One proposed bill, by Assemblywoman Maxine Waters (D-Los Angeles), would hold up work on double-decking the Harbor Freeway in Los Angeles until the Legislature receives assurances from Caltrans that the structure could withstand an 8.3-magnitude earthquake. Waters said she wants to avoid a calamity comparable to the collapse of the Nimitz Freeway in Oakland.

Waters also made an effort to use the gathering of lawmakers to win back $24 million cut by Deukmejian from family planning programs. Roberti and Brown agreed to Waters' request to convene a regular session of the Legislature concurrent with the special session. But it was unclear when that session would begin. It appeared, in any case, that Waters lacked the votes late Friday to restore the family planning money.

In addition to the battles over the sales tax measure, political skirmishes erupted on other parts of the leadership package Friday.

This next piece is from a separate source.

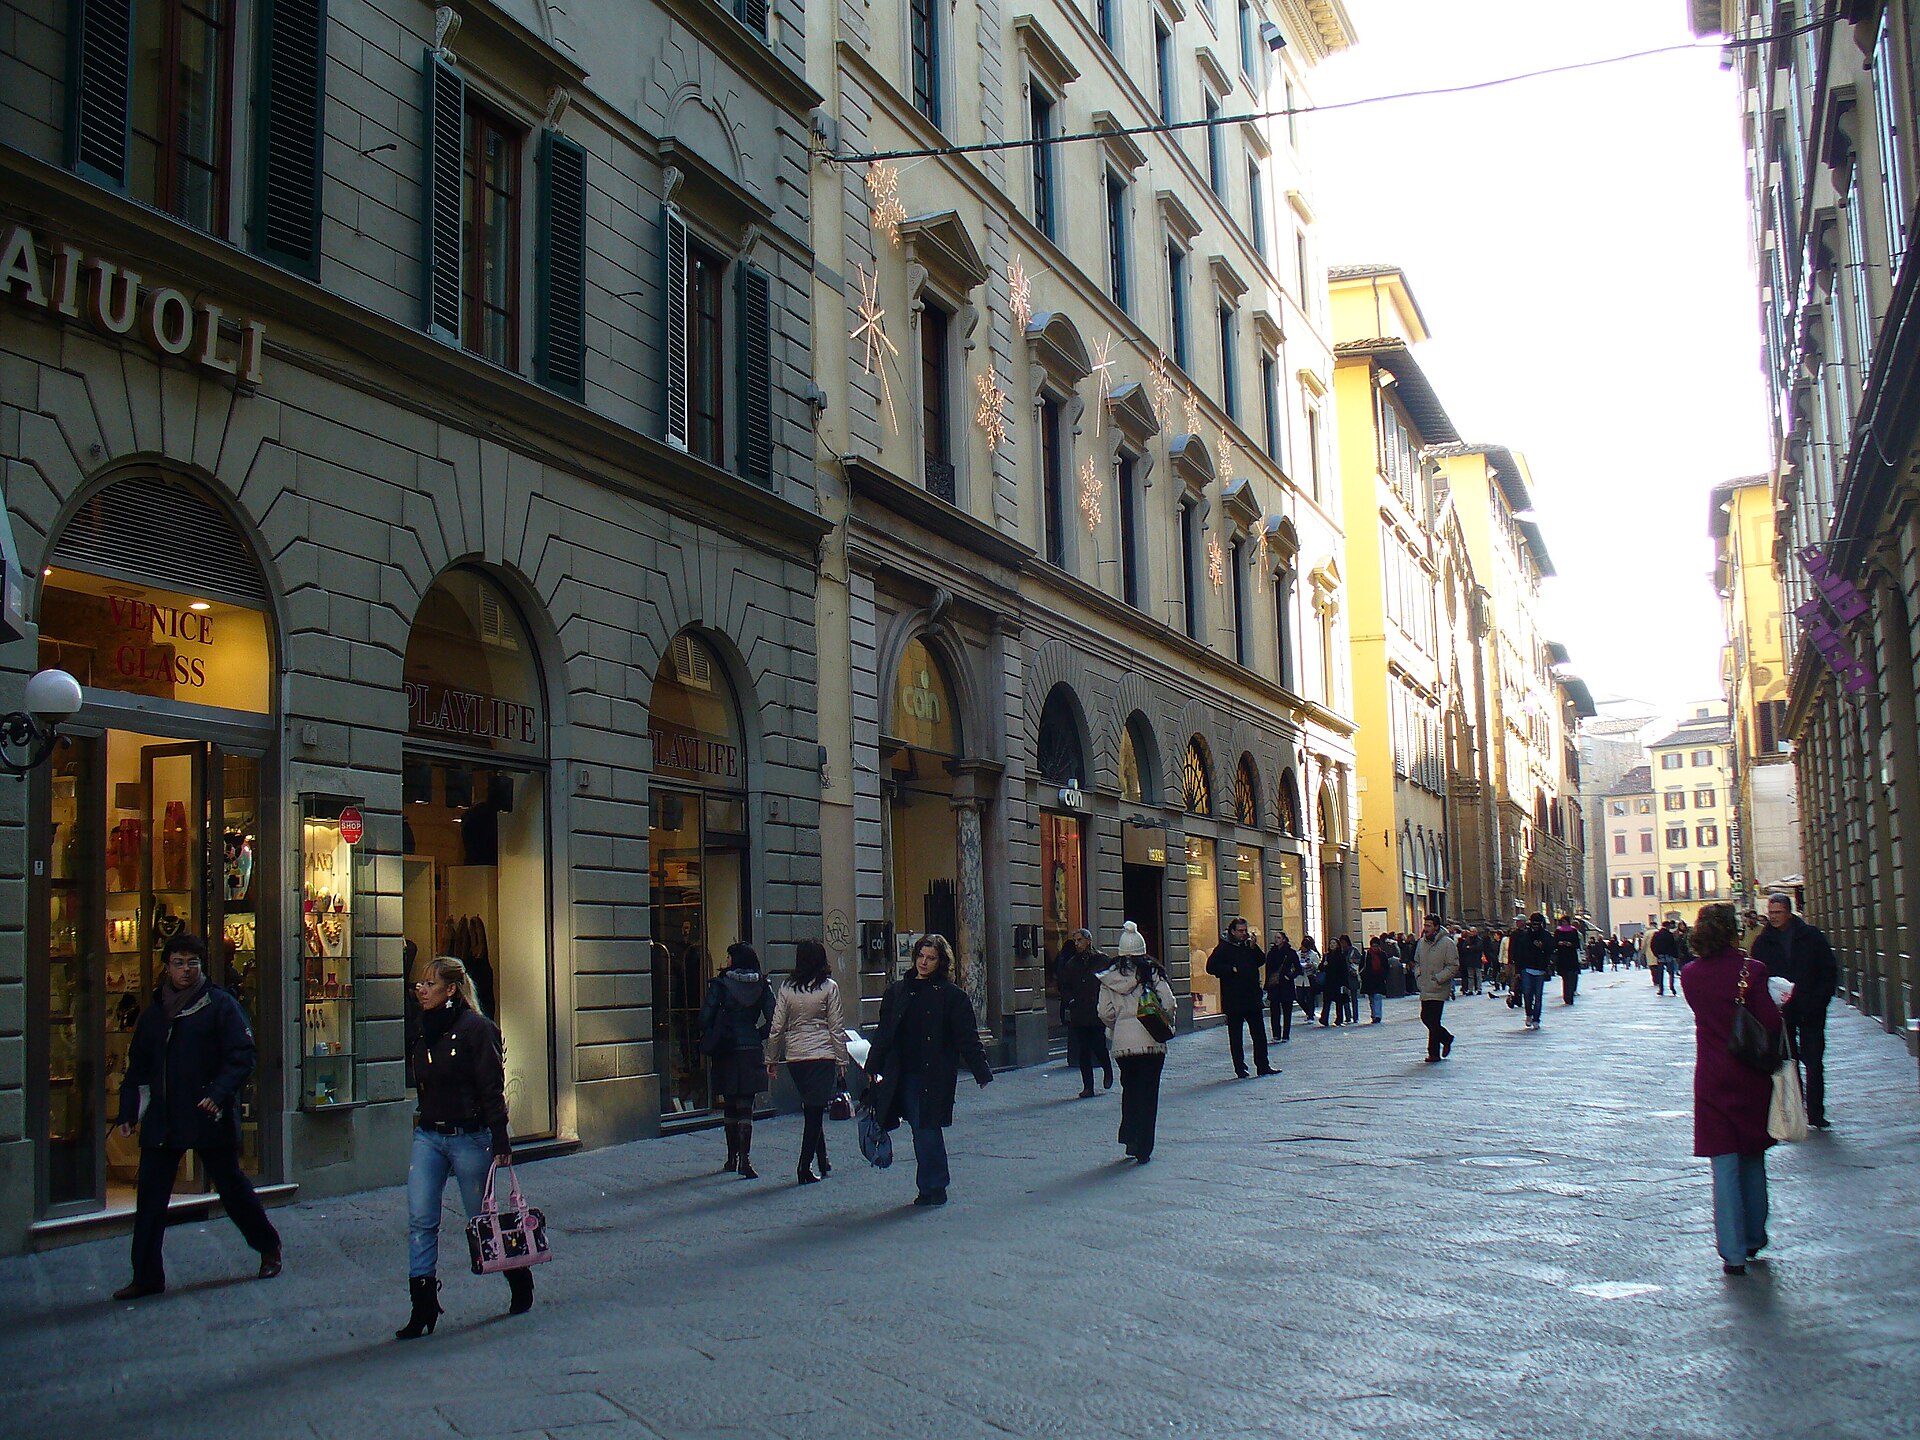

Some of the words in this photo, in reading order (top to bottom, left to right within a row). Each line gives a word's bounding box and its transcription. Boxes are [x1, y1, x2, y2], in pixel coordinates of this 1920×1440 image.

One major battle involved the question of whether private, nonprofit institutions, including Stanford University, should be eligible for grants of taxpayer dollars to repair earthquake damage. A proposal moving through the Senate would give the private groups the same eligibility for funding that local public agencies have under current law.

The proposal drew fire in the Senate Toxics and Public Safety Management Committee from Sen. Bill Lockyer (D-Hayward), who said there is so little money available that Stanford "shouldn't even be standing in line."

Added Sen. Art Torres: "The quake has created a lifeboat situation. Right now, we have to serve as the captain in deciding who stays on and who gets off." Stanford and other private institutions, he said, would have to be left behind.

In the end, the committee voted to give private agencies a chance to obtain state aid only after public agencies have received all they needed. The committee also put private universities behind private hospitals on the priority list and established a $1-million cap on public aid to private organizations.


The California sales tax now stands at 6% on each dollar of sales, but voters in 13 of the state's 58 counties have voted additional levies for local projects.

Eight counties have added an additional half cent, bringing them to 6 1/2%. They are Fresno, Inyo, Los Angeles, Riverside, Sacramento, San Benito, San Francisco and Santa Cruz.

Five other counties have added a full cent, bringing their sales tax to 7%. They are Alameda, Contra Costa, San Diego, San Mateo and Santa Clara.

Voters in six counties will decide Tuesday whether to add half-cent sales tax increases for transportation projects: Monterey, Nevada, Orange, San Bernardino, San Francisco and Santa Barbara.

Source: State Board of Equalization

Times staff writers Carl Ingram, Paul Jacobs, Richard C. Paddock and Carla Rivera contributed to this report.